President Hugo Chavez shocked and delighted Venezuelans by returning home Monday after spending more than two months in Cuba for cancer surgery and treatment.
Chavez announced his return on Twitter, and his arrival at Caracas airport was not broadcast on TV, which is unusual in this oil-rich country he so thoroughly dominates politically and personally. Chavez was immediately hospitalized to continue treatment.
"We have arrived again to the Venezuelan motherland," Chavez wrote. "Thank you, God. Thank you, my beloved people. We will continue my treatment here."
From the airport, he was taken to Carlos Avarela Military Hospital in Caracas, said his son-in-law and Science and Technology Minister Jorge Arreaza.
Vice President Nicolas Maduro, Chavez's handpicked political heir, swiftly went on national television to declare that Venezuelans were "absolutely happy" to have the president back and promised an update on the state of his health later on Monday.
Venezuelans had neither seen nor heard from Chavez since he left for Cuba in December, although on Friday photos of a bedridden but smiling Chavez were shown on Venezuelan TV.
Maduro also called on his countrymen to show solidarity with Chavez "without disturbing his calm."
The last time Venezuelans saw Chavez was when he left for Cuba December 10 for his fourth round of cancer surgery since being diagnosed in mid 2011.
Government updates on his condition have been sketchy, fueling speculation that the president was worse off than officials were admitting or perhaps even dead.
The government had never said what kind of cancer he had or where it was, or when he might return home. Now, seemingly out the blue, Chavez is back.
Pro-Chavez people started gathering Monday morning in Bolivar Plaza to celebrate the return of their larger than life comandante, a garrulous populist who is the most visible face of the Latin American left and a thorn in the side of Washington for his alignment of oil-rich Venezuela with nations such as Iran, Syria and Cuba.
"He's back, he's back, he's back," supporters chanted, footage broadcast on state-run VTV showed.
"There are no words to describe this moment. GOD BLESS YOU," tweeted Chavez fan @jennygarral1.

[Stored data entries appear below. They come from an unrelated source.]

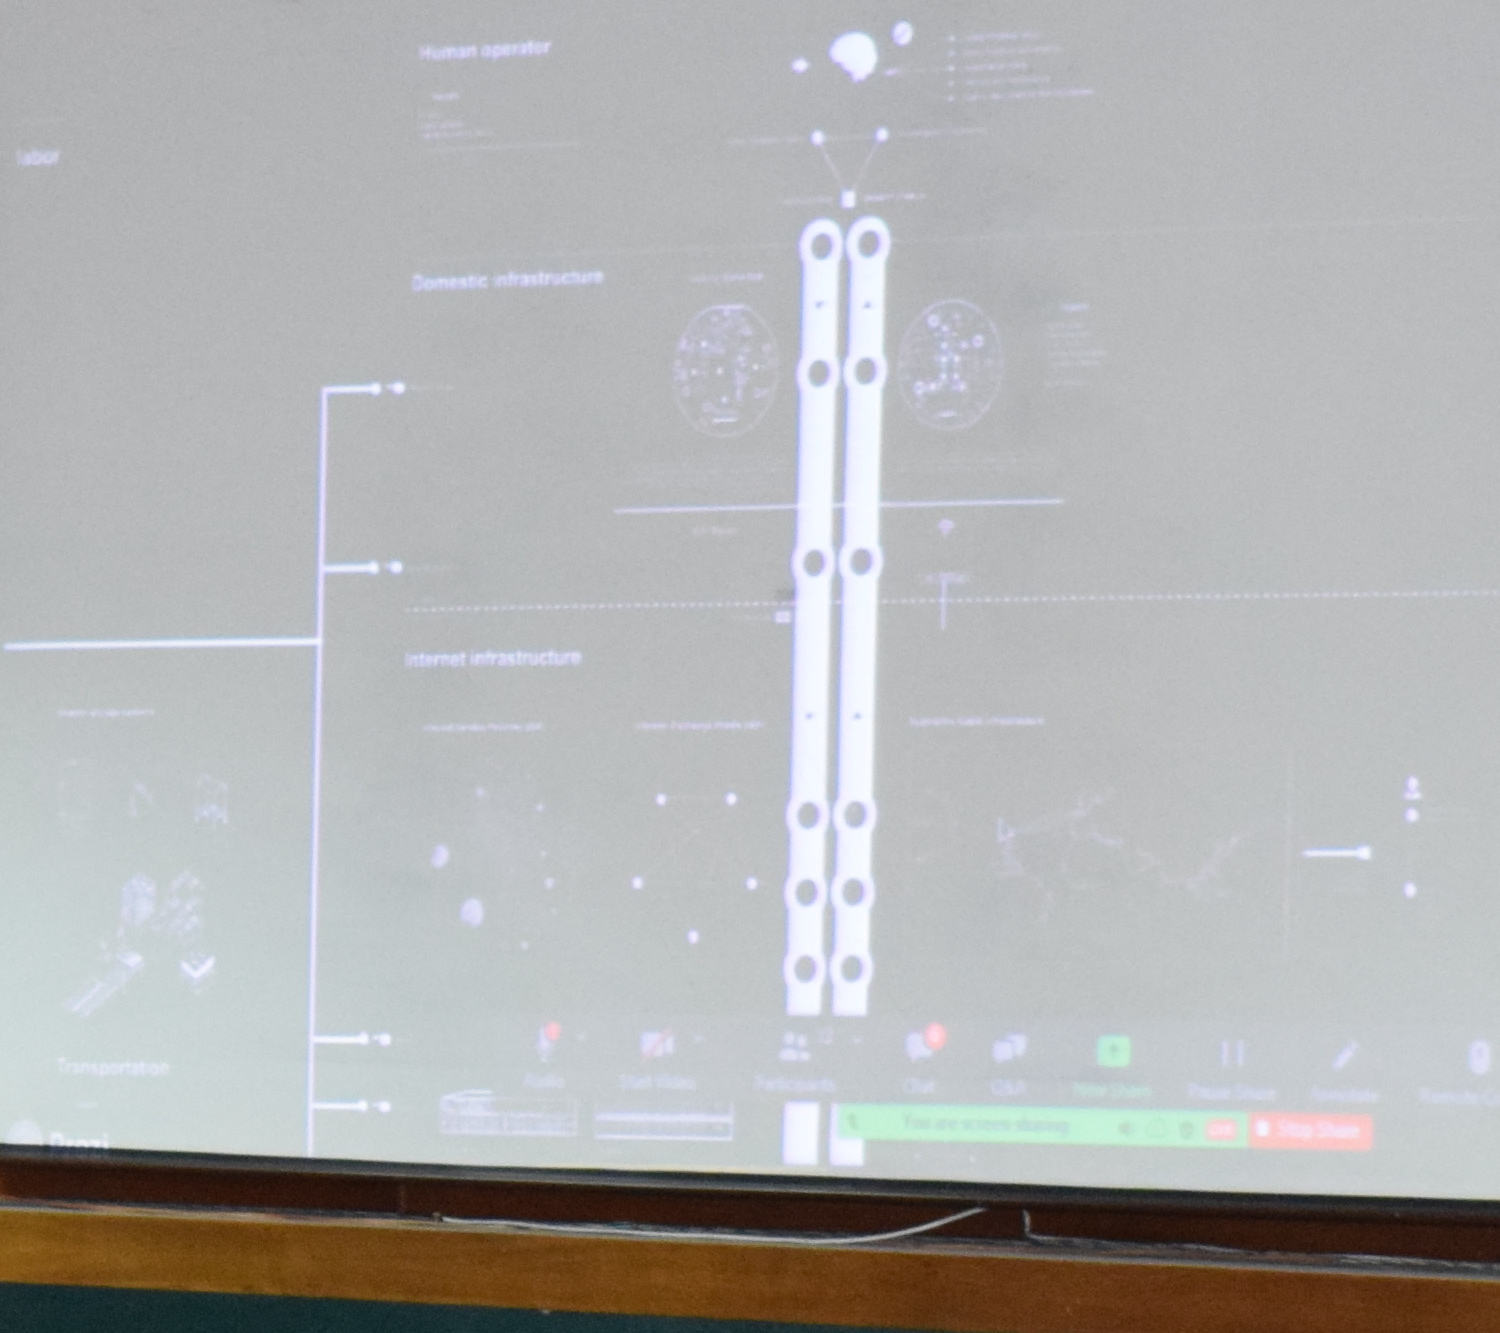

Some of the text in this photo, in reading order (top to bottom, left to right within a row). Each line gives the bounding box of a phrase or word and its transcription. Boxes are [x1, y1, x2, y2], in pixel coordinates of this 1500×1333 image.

[419, 39, 553, 61] Human operator
[411, 269, 605, 292] Domestic infrastructure
[405, 650, 583, 668] Internet infrastructure
[57, 1056, 171, 1077] Transportation
[902, 1113, 935, 1131] You
[937, 1118, 963, 1131] are
[966, 1118, 1012, 1133] screen
[1277, 1119, 1360, 1140] Stop Share

Mauro Delgado, an Ecuadoran taxi driver who has lived in Caracas for 34 years, said "if God is keeping him alive it must be for something. I think that if he came back it is because he is getting better. Otherwise, he would have stayed in Cuba."

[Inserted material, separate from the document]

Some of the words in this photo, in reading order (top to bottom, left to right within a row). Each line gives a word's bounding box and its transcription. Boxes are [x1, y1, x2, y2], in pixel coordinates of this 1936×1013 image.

Fidel Castro hailed his long-time friend's return home. He said a "long and anxious" wait is over for the Venezuelan people, thanks to Chavez's "stunning physical stamina and the total dedication of the doctors" who treated him in Havana. That medical team accompanied Chavez back home.
VTV showed employees at the network celebrating live on air, accompanied by Information Minister Ernesto Villegas.
The 58-year-old Chavez, who has been in power for more than 14 years, had declared himself free of cancer after earlier rounds of surgery and treatment and went on to win another six year term in elections last October.
But he suffered a relapse, and after the latest surgery on December 11 in Havana he was still too sick to come back to Venezuela for his scheduled inauguration on January 10.
The inauguration has been postponed indefinitely, and Maduro has essentially been running Venezuela in Chavez's absence. There was no immediate word whether Chavez will now take his oath of office.
Opposition leader Henrique Capriles, whom Chavez defeated in the October elections, tweeted: "May the return of president mean that Mr. Maduro and the ministers will get down to work. There are many, many problems to resolve."
A poll released Sunday said that if elections were held now between Maduro and Capriles, the former would win by 14 percentage points.
Pollster Luis Vicente Leon said that even though Chavez has come home uncertainty remains over the prospect of early elections -- they would be called if Chavez dies or is declared incapacitated.
But with his return, support for Maduro will grow even more, Leon said.
Opposition parties insist Chavez's term ended January 10 and that if he cannot start a new one in person, an interim president should be named pending a decision on whether Chavez should be declared incapacitated, in which case a new election would be called quickly.
But throughout his illness, Chavez avoided relinquishing power, and the National Assembly had voted to grant him unlimited leave to undergo medical treatment outside of the country.
In his Twitter message, Chavez also expressed his gratitude to Cuba and its leaders for their assistance in his medical treatment.
"Thank you Fidel, Raul and everybody in Cuba," he wrote, referring to Cuban leaders Fidel and Raul Castro. "And thank you, Venezuela, for so much love."
As before, he underscored his belief in God and hopes for complete recovery.
"I am holding on to Jesus Christ and trust my doctors and nurses," the president said. "As always, see you in victory. We will live and we will win."